++++ INPUT ++++
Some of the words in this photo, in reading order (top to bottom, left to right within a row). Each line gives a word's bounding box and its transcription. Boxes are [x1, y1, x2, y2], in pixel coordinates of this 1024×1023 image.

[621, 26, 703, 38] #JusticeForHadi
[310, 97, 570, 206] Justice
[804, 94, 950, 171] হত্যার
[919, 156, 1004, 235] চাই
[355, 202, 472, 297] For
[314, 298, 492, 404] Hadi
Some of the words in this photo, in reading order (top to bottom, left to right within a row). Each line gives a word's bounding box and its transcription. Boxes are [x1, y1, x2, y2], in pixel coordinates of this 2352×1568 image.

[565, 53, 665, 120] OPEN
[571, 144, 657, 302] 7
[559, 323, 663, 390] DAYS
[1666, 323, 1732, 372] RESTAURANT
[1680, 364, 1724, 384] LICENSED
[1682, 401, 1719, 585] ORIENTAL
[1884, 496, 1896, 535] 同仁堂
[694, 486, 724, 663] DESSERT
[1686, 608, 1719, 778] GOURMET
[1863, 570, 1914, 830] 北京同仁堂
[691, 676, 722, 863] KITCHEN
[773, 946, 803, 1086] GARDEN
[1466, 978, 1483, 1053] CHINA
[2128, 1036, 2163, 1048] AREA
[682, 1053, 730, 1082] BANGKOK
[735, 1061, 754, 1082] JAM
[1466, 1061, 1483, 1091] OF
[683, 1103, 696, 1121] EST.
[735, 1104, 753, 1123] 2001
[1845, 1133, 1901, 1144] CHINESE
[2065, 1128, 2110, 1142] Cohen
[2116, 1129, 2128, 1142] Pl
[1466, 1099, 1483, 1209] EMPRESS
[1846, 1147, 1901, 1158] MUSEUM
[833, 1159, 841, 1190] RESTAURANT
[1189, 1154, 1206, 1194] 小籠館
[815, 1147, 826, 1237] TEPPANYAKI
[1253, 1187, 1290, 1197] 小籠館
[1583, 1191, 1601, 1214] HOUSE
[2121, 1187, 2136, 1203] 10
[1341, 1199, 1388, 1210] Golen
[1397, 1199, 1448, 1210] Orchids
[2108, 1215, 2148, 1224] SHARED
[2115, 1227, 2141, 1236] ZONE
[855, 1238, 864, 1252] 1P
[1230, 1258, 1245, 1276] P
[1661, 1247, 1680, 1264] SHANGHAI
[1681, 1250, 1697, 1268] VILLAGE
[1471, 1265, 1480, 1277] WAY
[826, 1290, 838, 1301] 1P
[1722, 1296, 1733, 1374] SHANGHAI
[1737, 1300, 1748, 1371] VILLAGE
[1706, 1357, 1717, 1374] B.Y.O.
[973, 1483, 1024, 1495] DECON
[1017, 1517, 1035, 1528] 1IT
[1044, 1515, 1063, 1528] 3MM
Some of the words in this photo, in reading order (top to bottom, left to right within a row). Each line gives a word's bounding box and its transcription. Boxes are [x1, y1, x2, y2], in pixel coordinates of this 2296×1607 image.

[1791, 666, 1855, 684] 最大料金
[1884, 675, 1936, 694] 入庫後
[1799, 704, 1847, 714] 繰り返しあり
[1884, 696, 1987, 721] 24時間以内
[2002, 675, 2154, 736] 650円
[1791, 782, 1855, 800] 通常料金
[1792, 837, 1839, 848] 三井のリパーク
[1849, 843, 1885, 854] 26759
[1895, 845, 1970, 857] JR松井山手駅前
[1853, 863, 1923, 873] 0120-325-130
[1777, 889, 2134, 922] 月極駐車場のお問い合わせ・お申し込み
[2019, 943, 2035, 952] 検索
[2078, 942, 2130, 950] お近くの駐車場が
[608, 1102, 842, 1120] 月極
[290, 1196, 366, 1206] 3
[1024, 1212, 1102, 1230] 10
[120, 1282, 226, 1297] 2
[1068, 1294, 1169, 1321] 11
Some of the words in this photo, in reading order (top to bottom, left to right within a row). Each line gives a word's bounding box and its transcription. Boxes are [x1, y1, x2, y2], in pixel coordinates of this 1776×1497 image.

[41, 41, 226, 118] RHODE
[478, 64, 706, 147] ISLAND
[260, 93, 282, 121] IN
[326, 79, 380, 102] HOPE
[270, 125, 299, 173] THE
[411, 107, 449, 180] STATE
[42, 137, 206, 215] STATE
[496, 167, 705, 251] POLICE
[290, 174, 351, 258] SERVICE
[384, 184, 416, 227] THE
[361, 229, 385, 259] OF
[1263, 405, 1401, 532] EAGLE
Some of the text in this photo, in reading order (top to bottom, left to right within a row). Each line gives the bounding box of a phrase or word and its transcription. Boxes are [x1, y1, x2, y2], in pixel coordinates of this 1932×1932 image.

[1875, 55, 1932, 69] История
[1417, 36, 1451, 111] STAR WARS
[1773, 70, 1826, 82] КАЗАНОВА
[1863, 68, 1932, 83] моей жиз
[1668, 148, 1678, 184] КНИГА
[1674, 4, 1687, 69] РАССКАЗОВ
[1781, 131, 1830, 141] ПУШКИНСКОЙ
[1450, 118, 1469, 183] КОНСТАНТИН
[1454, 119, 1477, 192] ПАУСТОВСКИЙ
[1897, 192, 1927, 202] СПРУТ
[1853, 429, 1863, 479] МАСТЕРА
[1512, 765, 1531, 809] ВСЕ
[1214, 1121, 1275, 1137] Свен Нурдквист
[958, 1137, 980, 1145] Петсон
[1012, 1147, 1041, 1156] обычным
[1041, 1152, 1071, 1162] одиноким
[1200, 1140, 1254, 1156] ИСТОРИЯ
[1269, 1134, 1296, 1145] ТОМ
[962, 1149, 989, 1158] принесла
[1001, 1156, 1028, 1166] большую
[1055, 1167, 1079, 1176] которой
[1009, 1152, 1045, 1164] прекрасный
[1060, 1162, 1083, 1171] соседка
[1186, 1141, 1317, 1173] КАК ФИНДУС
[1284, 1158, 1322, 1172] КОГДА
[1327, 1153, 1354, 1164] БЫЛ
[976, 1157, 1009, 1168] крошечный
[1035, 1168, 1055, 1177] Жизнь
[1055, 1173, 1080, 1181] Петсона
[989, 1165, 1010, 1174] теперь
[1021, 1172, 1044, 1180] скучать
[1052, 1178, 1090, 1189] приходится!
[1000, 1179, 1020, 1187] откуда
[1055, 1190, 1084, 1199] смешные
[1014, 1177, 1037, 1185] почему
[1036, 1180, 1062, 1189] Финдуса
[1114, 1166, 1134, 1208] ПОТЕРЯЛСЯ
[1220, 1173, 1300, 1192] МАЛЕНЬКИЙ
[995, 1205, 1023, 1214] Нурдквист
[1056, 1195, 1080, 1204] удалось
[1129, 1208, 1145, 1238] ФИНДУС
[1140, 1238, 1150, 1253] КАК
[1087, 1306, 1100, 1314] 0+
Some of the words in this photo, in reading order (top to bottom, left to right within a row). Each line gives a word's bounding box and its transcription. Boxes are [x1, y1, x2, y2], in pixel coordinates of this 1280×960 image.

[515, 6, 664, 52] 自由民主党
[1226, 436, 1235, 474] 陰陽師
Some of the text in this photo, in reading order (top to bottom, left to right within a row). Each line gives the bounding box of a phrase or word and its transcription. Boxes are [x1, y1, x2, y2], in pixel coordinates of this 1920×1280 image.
++++
What is needed is an exact restatement of every record above.

**ANSWER FOR THIS EXERCISE**
Some of the words in this photo, in reading order (top to bottom, left to right within a row). Each line gives a word's bounding box and its transcription. Boxes are [x1, y1, x2, y2], in pixel coordinates of this 1024×1023 image.

[621, 26, 703, 38] #JusticeForHadi
[310, 97, 570, 206] Justice
[804, 94, 950, 171] হত্যার
[919, 156, 1004, 235] চাই
[355, 202, 472, 297] For
[314, 298, 492, 404] Hadi
Some of the words in this photo, in reading order (top to bottom, left to right within a row). Each line gives a word's bounding box and its transcription. Boxes are [x1, y1, x2, y2], in pixel coordinates of this 2352×1568 image.

[565, 53, 665, 120] OPEN
[571, 144, 657, 302] 7
[559, 323, 663, 390] DAYS
[1666, 323, 1732, 372] RESTAURANT
[1680, 364, 1724, 384] LICENSED
[1682, 401, 1719, 585] ORIENTAL
[1884, 496, 1896, 535] 同仁堂
[694, 486, 724, 663] DESSERT
[1686, 608, 1719, 778] GOURMET
[1863, 570, 1914, 830] 北京同仁堂
[691, 676, 722, 863] KITCHEN
[773, 946, 803, 1086] GARDEN
[1466, 978, 1483, 1053] CHINA
[2128, 1036, 2163, 1048] AREA
[682, 1053, 730, 1082] BANGKOK
[735, 1061, 754, 1082] JAM
[1466, 1061, 1483, 1091] OF
[683, 1103, 696, 1121] EST.
[735, 1104, 753, 1123] 2001
[1845, 1133, 1901, 1144] CHINESE
[2065, 1128, 2110, 1142] Cohen
[2116, 1129, 2128, 1142] Pl
[1466, 1099, 1483, 1209] EMPRESS
[1846, 1147, 1901, 1158] MUSEUM
[833, 1159, 841, 1190] RESTAURANT
[1189, 1154, 1206, 1194] 小籠館
[815, 1147, 826, 1237] TEPPANYAKI
[1253, 1187, 1290, 1197] 小籠館
[1583, 1191, 1601, 1214] HOUSE
[2121, 1187, 2136, 1203] 10
[1341, 1199, 1388, 1210] Golen
[1397, 1199, 1448, 1210] Orchids
[2108, 1215, 2148, 1224] SHARED
[2115, 1227, 2141, 1236] ZONE
[855, 1238, 864, 1252] 1P
[1230, 1258, 1245, 1276] P
[1661, 1247, 1680, 1264] SHANGHAI
[1681, 1250, 1697, 1268] VILLAGE
[1471, 1265, 1480, 1277] WAY
[826, 1290, 838, 1301] 1P
[1722, 1296, 1733, 1374] SHANGHAI
[1737, 1300, 1748, 1371] VILLAGE
[1706, 1357, 1717, 1374] B.Y.O.
[973, 1483, 1024, 1495] DECON
[1017, 1517, 1035, 1528] 1IT
[1044, 1515, 1063, 1528] 3MM
Some of the words in this photo, in reading order (top to bottom, left to right within a row). Each line gives a word's bounding box and its transcription. Boxes are [x1, y1, x2, y2], in pixel coordinates of this 2296×1607 image.

[1791, 666, 1855, 684] 最大料金
[1884, 675, 1936, 694] 入庫後
[1799, 704, 1847, 714] 繰り返しあり
[1884, 696, 1987, 721] 24時間以内
[2002, 675, 2154, 736] 650円
[1791, 782, 1855, 800] 通常料金
[1792, 837, 1839, 848] 三井のリパーク
[1849, 843, 1885, 854] 26759
[1895, 845, 1970, 857] JR松井山手駅前
[1853, 863, 1923, 873] 0120-325-130
[1777, 889, 2134, 922] 月極駐車場のお問い合わせ・お申し込み
[2019, 943, 2035, 952] 検索
[2078, 942, 2130, 950] お近くの駐車場が
[608, 1102, 842, 1120] 月極
[290, 1196, 366, 1206] 3
[1024, 1212, 1102, 1230] 10
[120, 1282, 226, 1297] 2
[1068, 1294, 1169, 1321] 11
Some of the words in this photo, in reading order (top to bottom, left to right within a row). Each line gives a word's bounding box and its transcription. Boxes are [x1, y1, x2, y2], in pixel coordinates of this 1776×1497 image.

[41, 41, 226, 118] RHODE
[478, 64, 706, 147] ISLAND
[260, 93, 282, 121] IN
[326, 79, 380, 102] HOPE
[270, 125, 299, 173] THE
[411, 107, 449, 180] STATE
[42, 137, 206, 215] STATE
[496, 167, 705, 251] POLICE
[290, 174, 351, 258] SERVICE
[384, 184, 416, 227] THE
[361, 229, 385, 259] OF
[1263, 405, 1401, 532] EAGLE
Some of the text in this photo, in reading order (top to bottom, left to right within a row). Each line gives the bounding box of a phrase or word and its transcription. Boxes are [x1, y1, x2, y2], in pixel coordinates of this 1932×1932 image.

[1875, 55, 1932, 69] История
[1417, 36, 1451, 111] STAR WARS
[1773, 70, 1826, 82] КАЗАНОВА
[1863, 68, 1932, 83] моей жиз
[1668, 148, 1678, 184] КНИГА
[1674, 4, 1687, 69] РАССКАЗОВ
[1781, 131, 1830, 141] ПУШКИНСКОЙ
[1450, 118, 1469, 183] КОНСТАНТИН
[1454, 119, 1477, 192] ПАУСТОВСКИЙ
[1897, 192, 1927, 202] СПРУТ
[1853, 429, 1863, 479] МАСТЕРА
[1512, 765, 1531, 809] ВСЕ
[1214, 1121, 1275, 1137] Свен Нурдквист
[958, 1137, 980, 1145] Петсон
[1012, 1147, 1041, 1156] обычным
[1041, 1152, 1071, 1162] одиноким
[1200, 1140, 1254, 1156] ИСТОРИЯ
[1269, 1134, 1296, 1145] ТОМ
[962, 1149, 989, 1158] принесла
[1001, 1156, 1028, 1166] большую
[1055, 1167, 1079, 1176] которой
[1009, 1152, 1045, 1164] прекрасный
[1060, 1162, 1083, 1171] соседка
[1186, 1141, 1317, 1173] КАК ФИНДУС
[1284, 1158, 1322, 1172] КОГДА
[1327, 1153, 1354, 1164] БЫЛ
[976, 1157, 1009, 1168] крошечный
[1035, 1168, 1055, 1177] Жизнь
[1055, 1173, 1080, 1181] Петсона
[989, 1165, 1010, 1174] теперь
[1021, 1172, 1044, 1180] скучать
[1052, 1178, 1090, 1189] приходится!
[1000, 1179, 1020, 1187] откуда
[1055, 1190, 1084, 1199] смешные
[1014, 1177, 1037, 1185] почему
[1036, 1180, 1062, 1189] Финдуса
[1114, 1166, 1134, 1208] ПОТЕРЯЛСЯ
[1220, 1173, 1300, 1192] МАЛЕНЬКИЙ
[995, 1205, 1023, 1214] Нурдквист
[1056, 1195, 1080, 1204] удалось
[1129, 1208, 1145, 1238] ФИНДУС
[1140, 1238, 1150, 1253] КАК
[1087, 1306, 1100, 1314] 0+
Some of the words in this photo, in reading order (top to bottom, left to right within a row). Each line gives a word's bounding box and its transcription. Boxes are [x1, y1, x2, y2], in pixel coordinates of this 1280×960 image.

[515, 6, 664, 52] 自由民主党
[1226, 436, 1235, 474] 陰陽師
Some of the text in this photo, in reading order (top to bottom, left to right within a row). Each line gives the bounding box of a phrase or word and its transcription. Boxes are [x1, y1, x2, y2], in pixel coordinates of this 1920×1280 image.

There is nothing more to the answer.